WHAT YOU HAVE TO DO ->
Return the entries verbatim and drop every picture.

INFORMATION ->
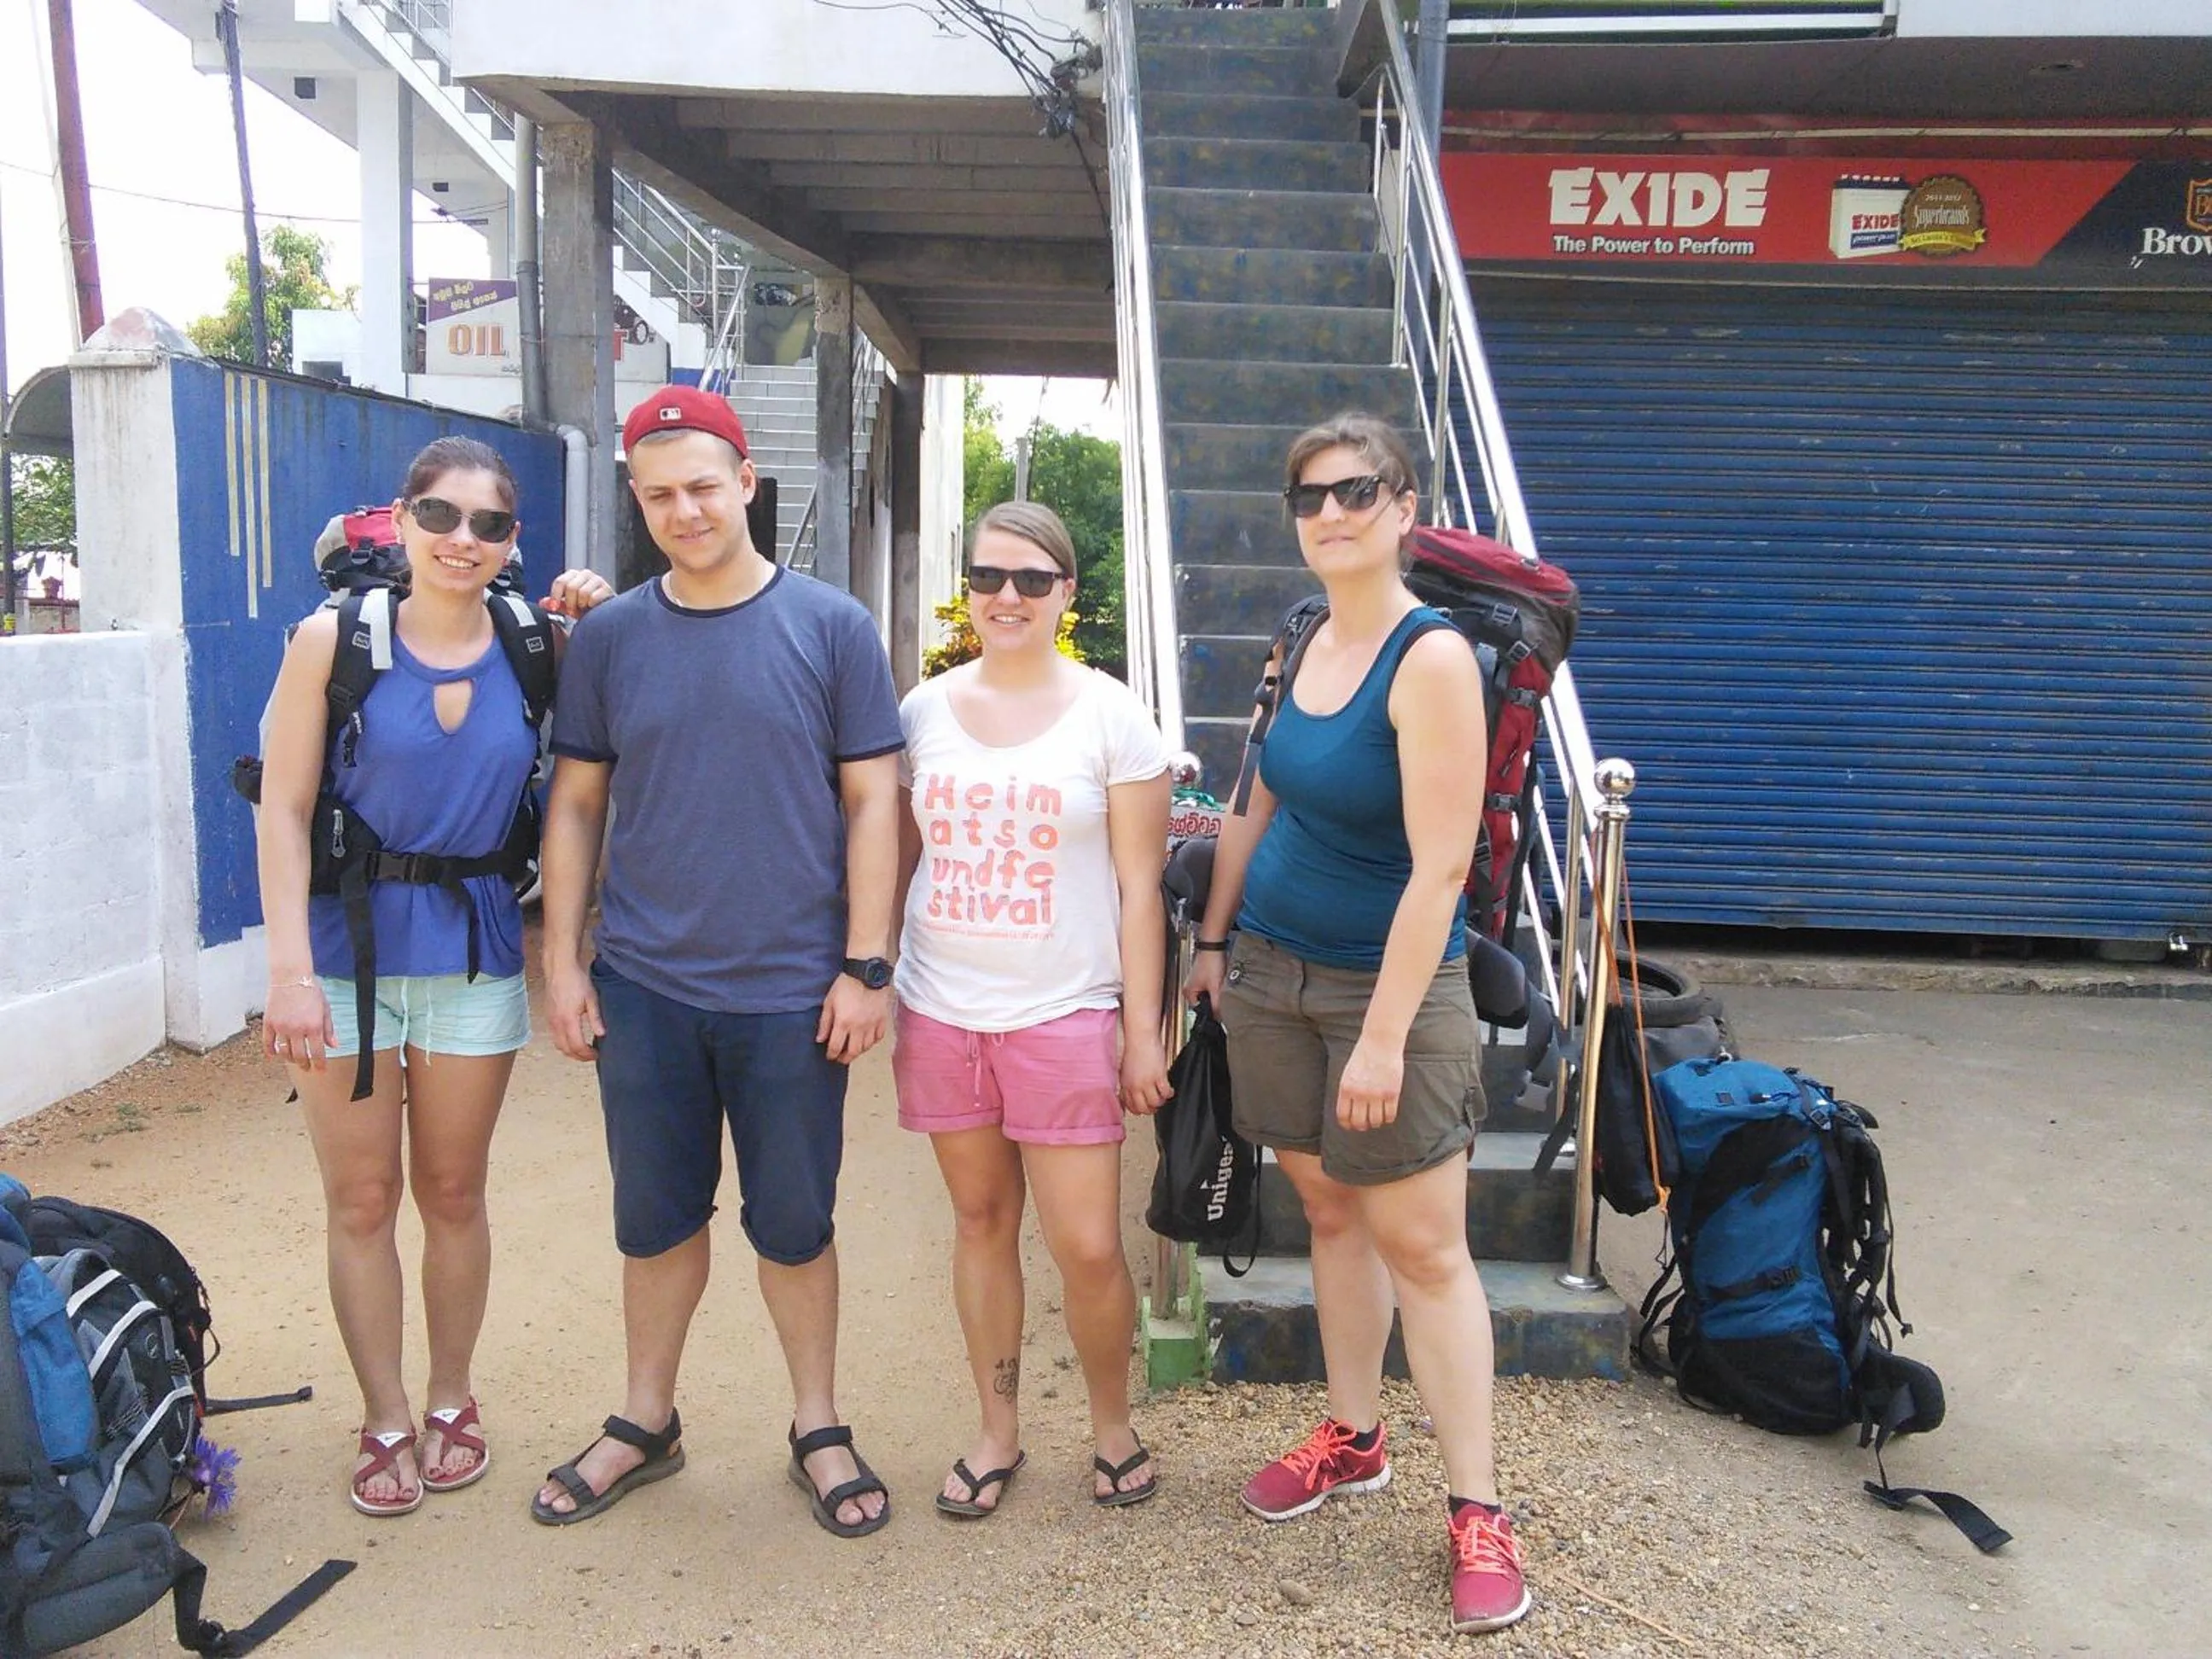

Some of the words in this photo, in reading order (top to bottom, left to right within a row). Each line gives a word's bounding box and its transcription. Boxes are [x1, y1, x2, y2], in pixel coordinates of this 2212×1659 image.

[1548, 167, 1770, 227] EXIDE
[1852, 213, 1900, 230] EXIDE
[1553, 235, 1586, 253] The
[1592, 236, 1650, 253] Power
[1654, 237, 1674, 254] to
[1679, 237, 1755, 255] Perform
[448, 323, 506, 357] OIL
[924, 773, 1062, 817] Heim
[928, 812, 1059, 851] atso
[931, 848, 1056, 891] undfe
[927, 884, 1052, 925] stival

EXPECTED ANSWER ->
Some of the words in this photo, in reading order (top to bottom, left to right within a row). Each line gives a word's bounding box and its transcription. Boxes are [x1, y1, x2, y2], in pixel coordinates of this 2212×1659 image.

[1548, 167, 1770, 227] EXIDE
[1852, 213, 1900, 230] EXIDE
[1553, 235, 1586, 253] The
[1592, 236, 1650, 253] Power
[1654, 237, 1674, 254] to
[1679, 237, 1755, 255] Perform
[448, 323, 506, 357] OIL
[924, 773, 1062, 817] Heim
[928, 812, 1059, 851] atso
[931, 848, 1056, 891] undfe
[927, 884, 1052, 925] stival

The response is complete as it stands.